When Bach took a job in 1708 as a chamber musician in the court of the Duke of Saxe-Weimar, he once again assumed a slew of responsibilities that he never signed up for. This time, he took it in stride, believing his hard work would lead to his promotion to kapellmeister (music director). But after five years, the top job was handed to the former kapellmeister’s son. Furious, Bach resigned and joined a rival court. As retribution, the duke jailed him for four weeks. Bach spent his time in the slammer writing preludes for organ.

6. THE BRANDENBURG CONCERTOS WERE A FAILED JOB APPLICATION.

Around 1721, Bach was the head of court music for Prince Leopold of Anhalt-Köthen. Unfortunately, the composer reportedly didn’t get along with the prince’s new wife, and he started looking for a new gig. (Notice a pattern?) Bach polished some manuscripts that had been sitting around and mailed them to a potential employer, Christian Ludwig, the Margrave of Brandenburg. That package, which included the Brandenburg Concertos—now considered some of the most important orchestral compositions of the Baroque era—failed to get Bach the job [PDF].

7. HE WROTE ONE OF THE WORLD'S GREATEST COFFEE JINGLES.

Bach apparently loved coffee enough to write a song about it: "Schweigt stille, plaudert nicht" ("Be still, stop chattering").
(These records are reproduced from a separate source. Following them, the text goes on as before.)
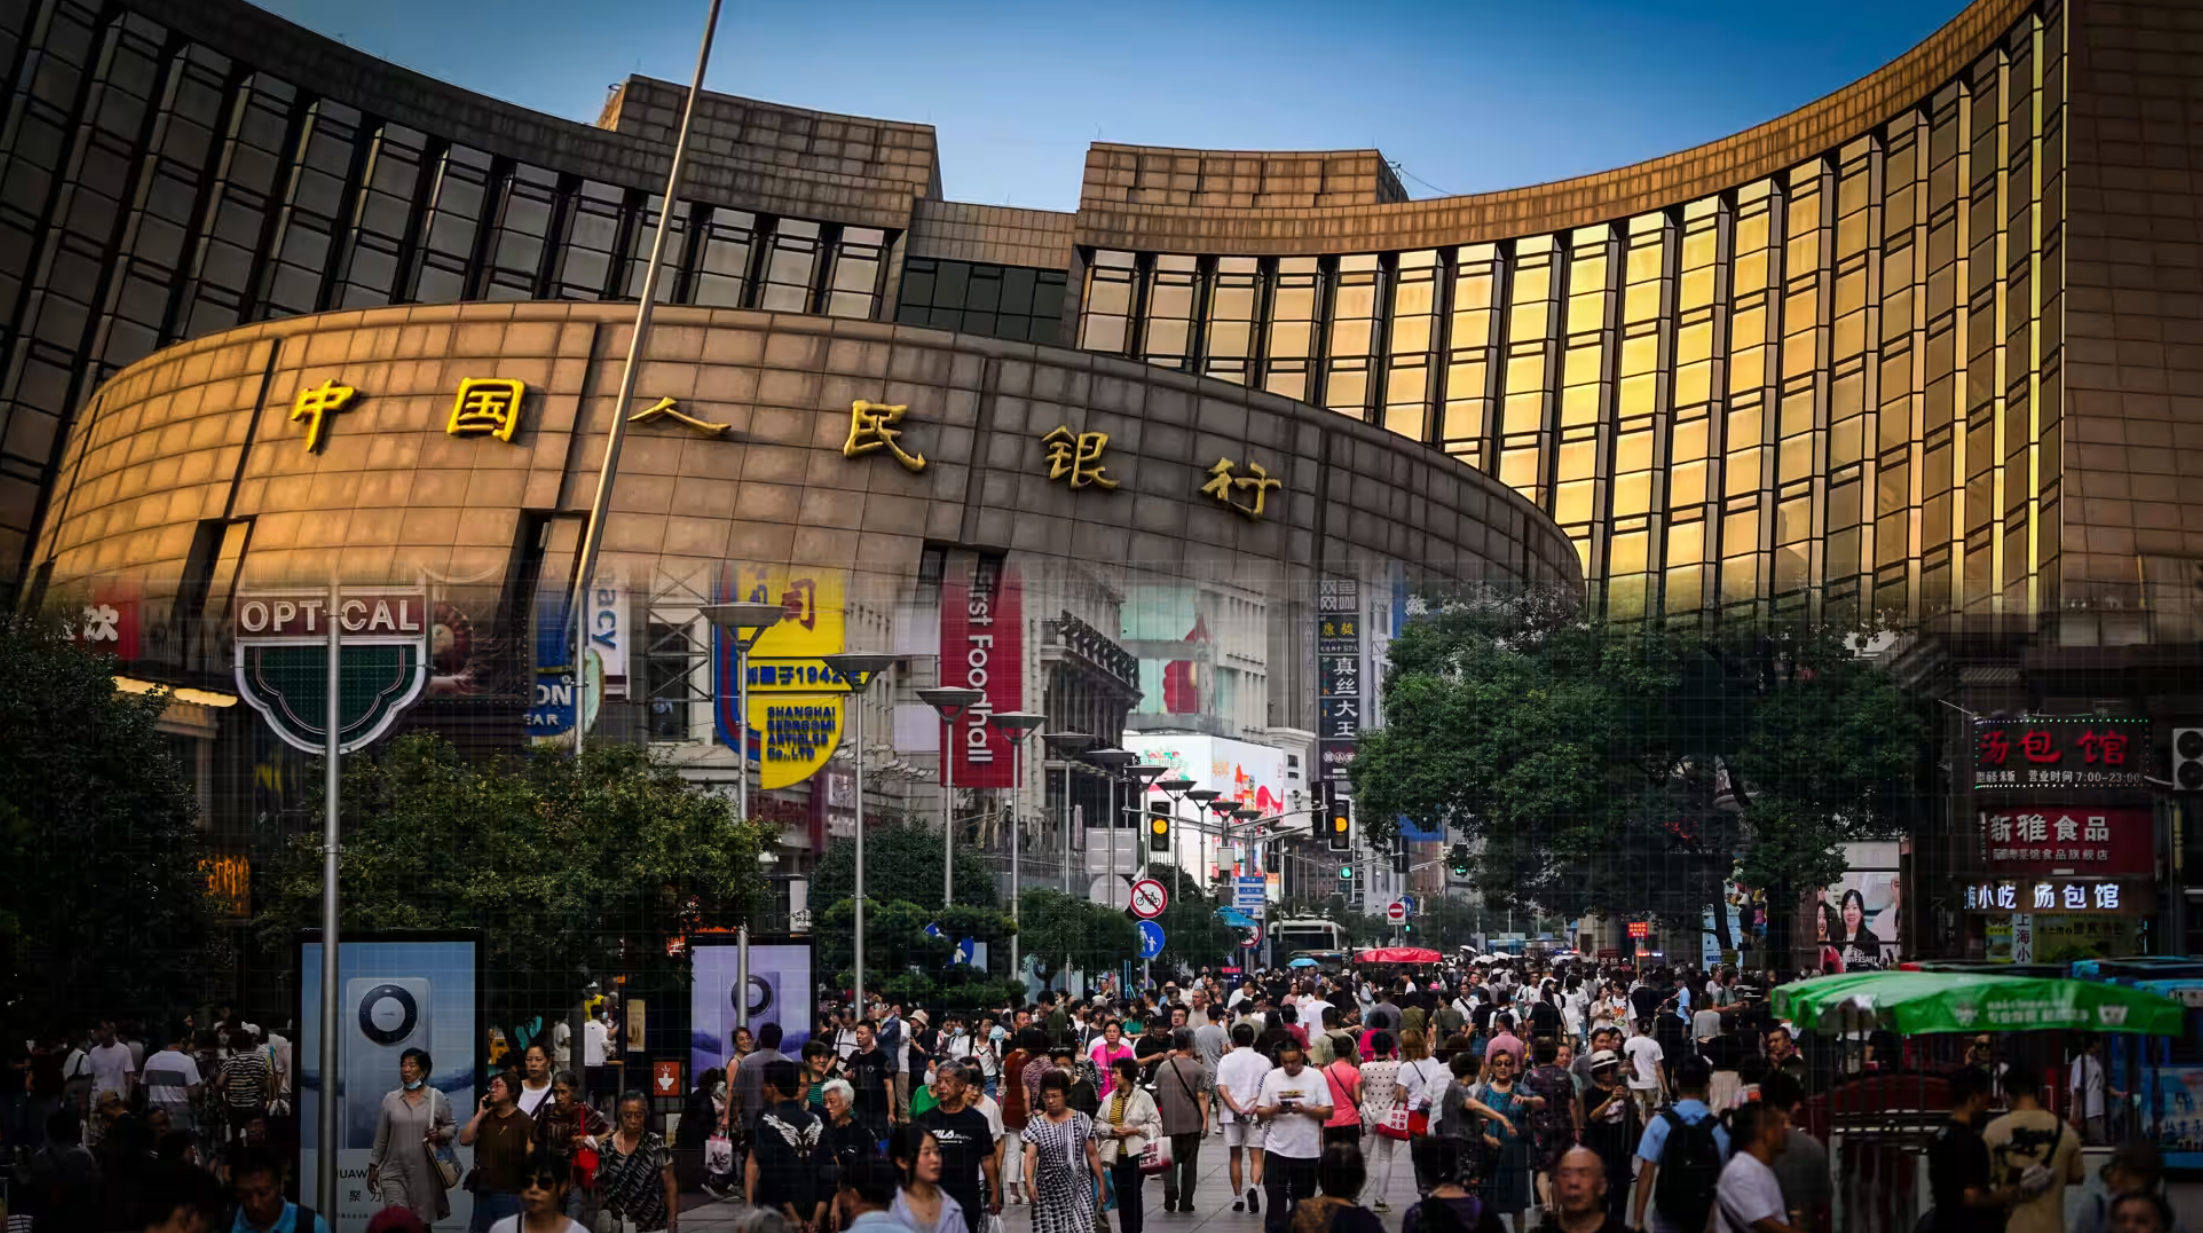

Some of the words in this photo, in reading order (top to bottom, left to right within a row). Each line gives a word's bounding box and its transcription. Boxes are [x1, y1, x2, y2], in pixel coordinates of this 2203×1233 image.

[290, 377, 1282, 520] 中国人民银行
[241, 600, 420, 632] OPTCAL
[767, 706, 836, 718] SHANGHAI
[968, 635, 993, 762] Foodhall
[1333, 656, 1358, 737] 真丝大王
[1979, 729, 2129, 765] 汤包馆
[2027, 769, 2073, 783] 营业时间
[1989, 813, 2110, 843] 新雅食品
[2033, 883, 2120, 909] 汤包馆
[338, 1169, 369, 1179] UAW
Performed in 1735 at Zimmerman’s coffee house in Leipzig, the song is about a coffee-obsessed woman whose father wants her to stop drinking the caffeinated stuff. She rebels and sings this stanza:

Ah! How sweet coffee tastes
More delicious than a thousand kisses
Milder than muscatel wine.
Coffee, I have to have coffee,
And, if someone wants to pamper me,
Ah, then bring me coffee as a gift!

8. IF BACH CHALLENGED YOU TO A KEYBOARD DUEL, YOU WERE GUARANTEED TO BE EMBARRASSED.

In 1717, Louis Marchand, a harpsichordist from France, was invited to play for Augustus, Elector of Saxony, and performed so well that he was offered a position playing for the court. This annoyed the court’s concertmaster, who found Marchand arrogant and insufferable. To scare the French harpsichordist away, the concertmaster hatched a plan with his friend, J.S. Bach: a keyboard duel. Bach and Marchand would improvise over a number of different styles, and the winner would take home 500 talers. But when Marchand learned just how talented Bach was, he hightailed it out of town.
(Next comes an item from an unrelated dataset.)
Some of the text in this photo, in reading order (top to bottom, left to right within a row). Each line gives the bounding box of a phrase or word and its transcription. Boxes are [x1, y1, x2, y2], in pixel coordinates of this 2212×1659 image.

9. SOME OF HIS MUSIC MAY HAVE BEEN COMPOSED TO HELP INSOMNIA.

Some people are ashamed to admit that classical music, especially the Baroque style, makes them sleepy. Be ashamed no more! According to Bach’s earliest biographer, the Goldberg Variations were composed to help Count Hermann Karl von Keyserling overcome insomnia. (This story, to be fair, is disputed.) Whatever the truth, it hasn’t stopped the Andersson Dance troupe from presenting a fantastic Goldberg-based tour of performances called “Ternary Patterns for Insomnia.” Sleep researchers have also suggested studying the tunes’ effects on sleeplessness [PDF].
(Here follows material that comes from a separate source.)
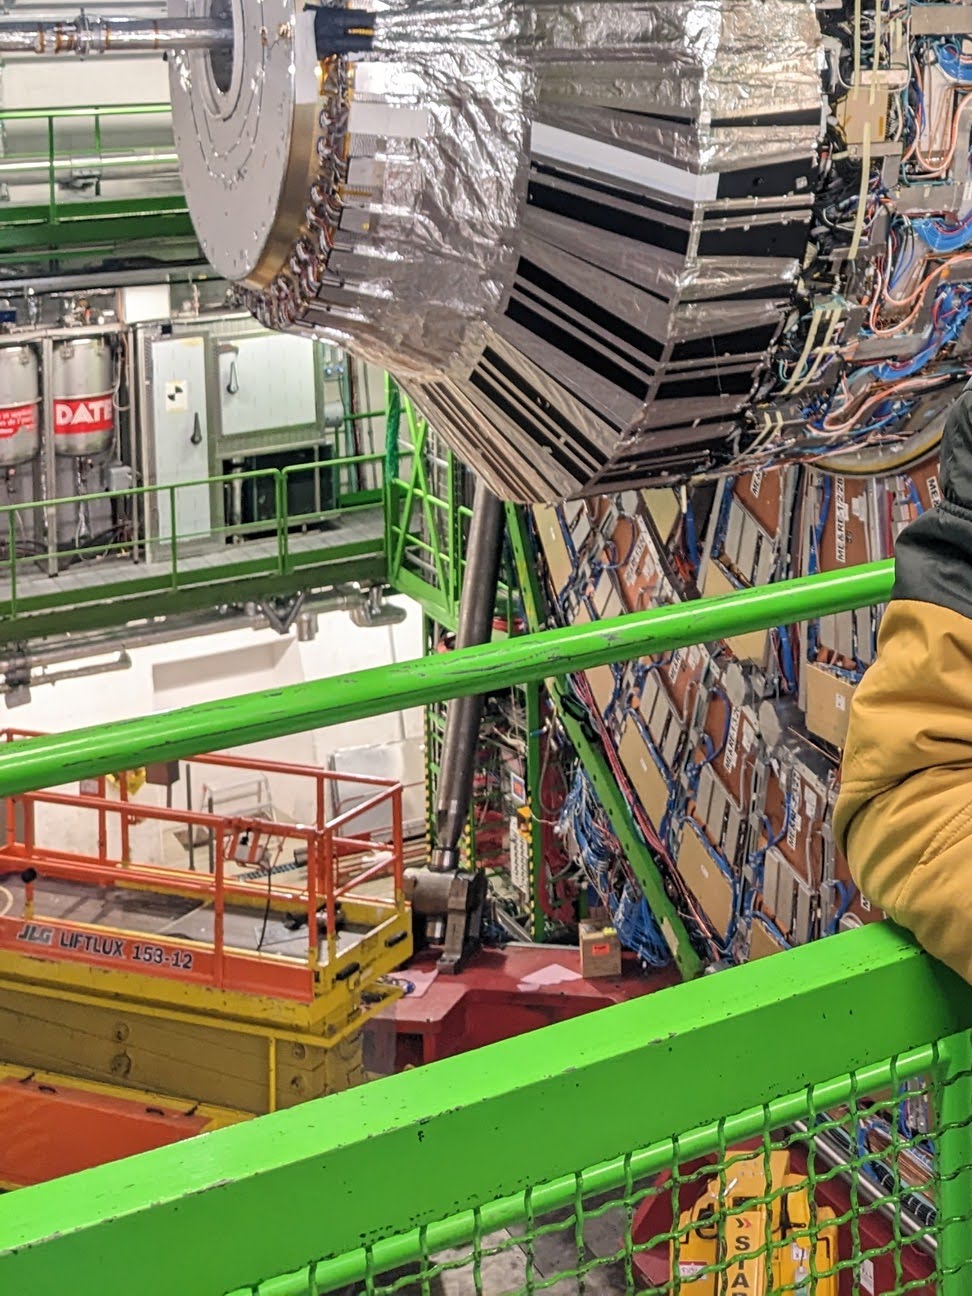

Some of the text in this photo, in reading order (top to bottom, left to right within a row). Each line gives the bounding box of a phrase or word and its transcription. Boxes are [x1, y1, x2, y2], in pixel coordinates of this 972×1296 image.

[18, 924, 193, 970] JLG LIFTLUX 153-12
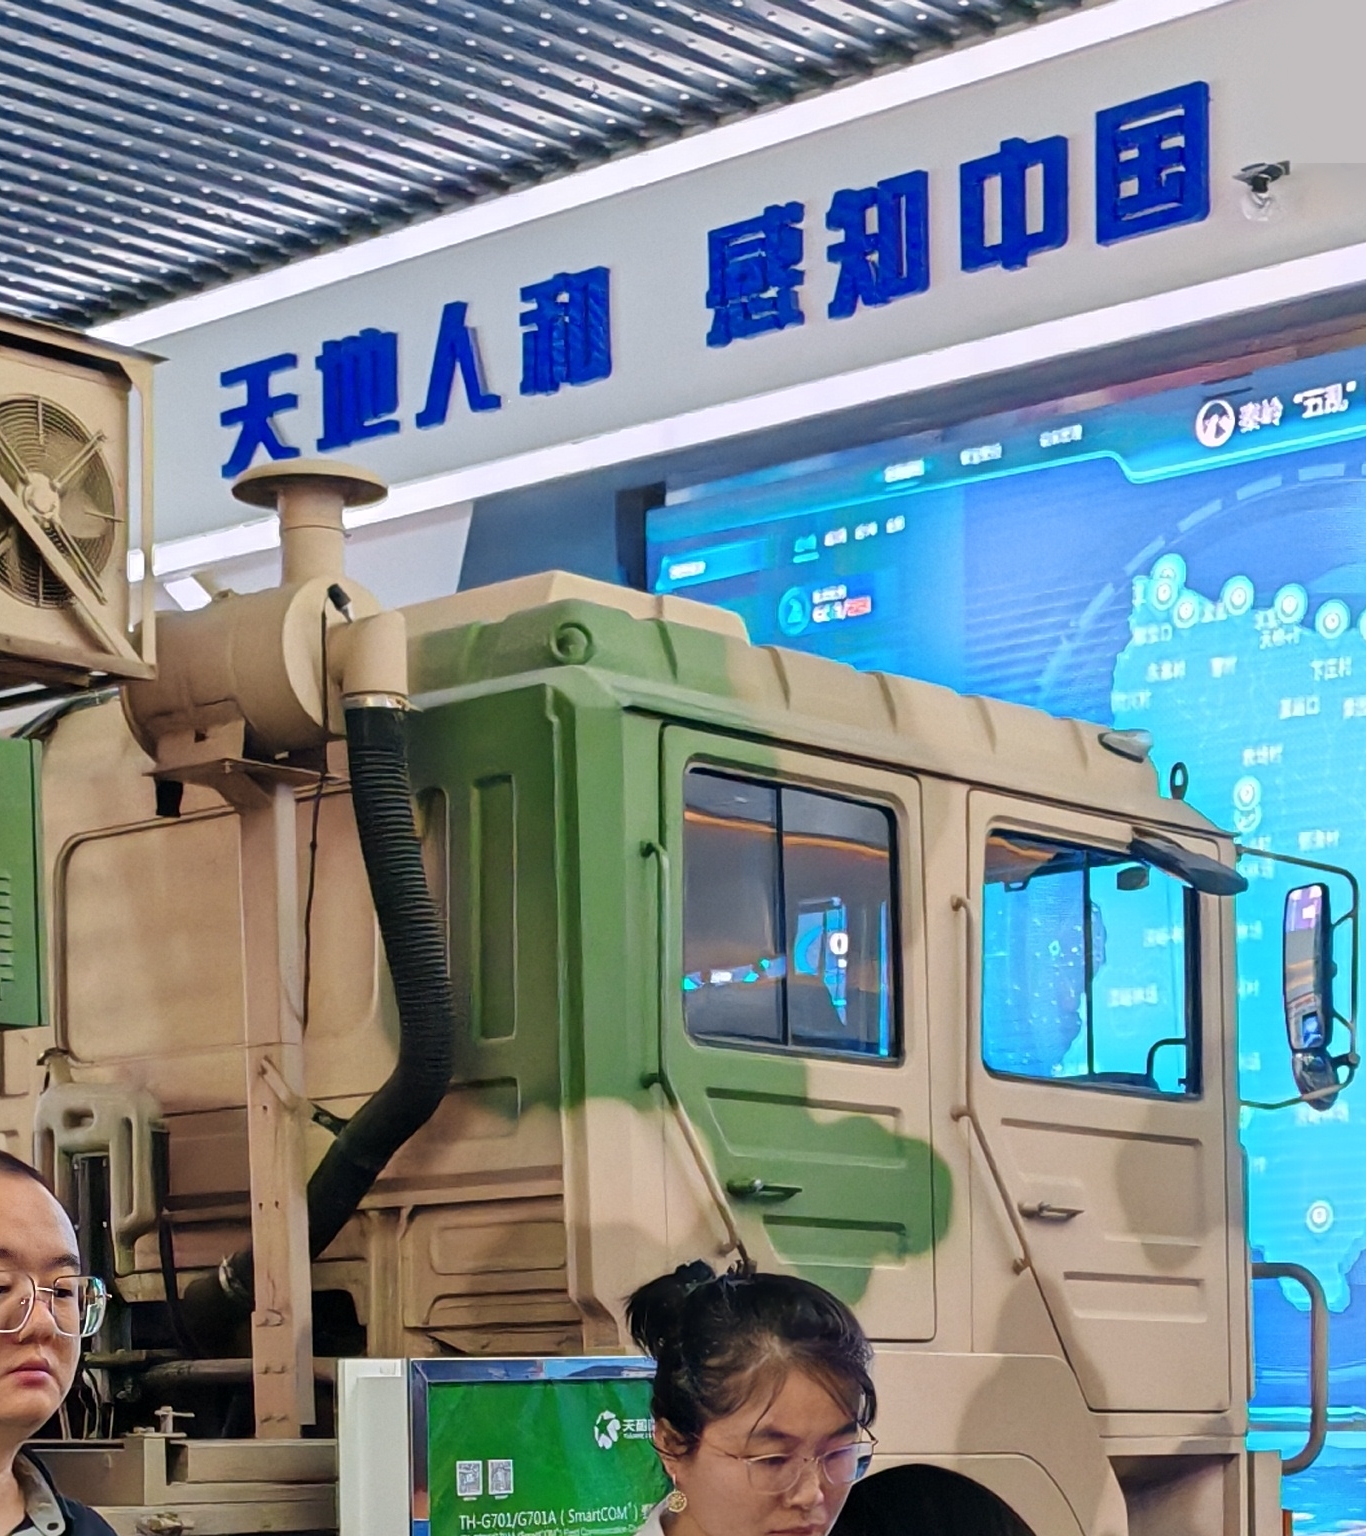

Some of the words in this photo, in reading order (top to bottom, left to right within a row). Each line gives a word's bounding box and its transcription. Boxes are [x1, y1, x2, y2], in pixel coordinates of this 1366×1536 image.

10. HE WAS BLINDED BY BOTCHED EYE SURGERY.

When Bach was 65, he had eye surgery. The “couching” procedure, which was performed by a traveling surgeon named John Taylor, involved shoving the cataract deep into the eye with a blunt instrument. Post-op, Taylor gave the composer eye drops that contained pigeon blood, mercury, and pulverized sugar. It didn’t work. Bach went blind and died shortly after. Meanwhile, Taylor moved on to botch more musical surgeries. He would perform the same procedure on the composer George Frideric Handel, who also went blind.

11. NOBODY IS 100 PERCENT CONFIDENT THAT BACH IS BURIED IN HIS GRAVE.

In 1894, the pastor of St. John’s Church in Leipzig wanted to move the composer’s body out of the church graveyard to a more dignified setting. There was one small problem: Bach had been buried in an unmarked grave, as was common for regular folks at the time. According to craniologist Wilhelm His, a dig crew tried its best to find the composer but instead found “heaps of bones, some in many layers lying on top of each other, some mixed in with the remains of coffins, others already smashed by the hacking of the diggers.” The team later claimed to find Bach’s box, but there’s doubt they found the right (de)composer. Today, Bach supposedly resides in Leipzig’s St. Thomas Church.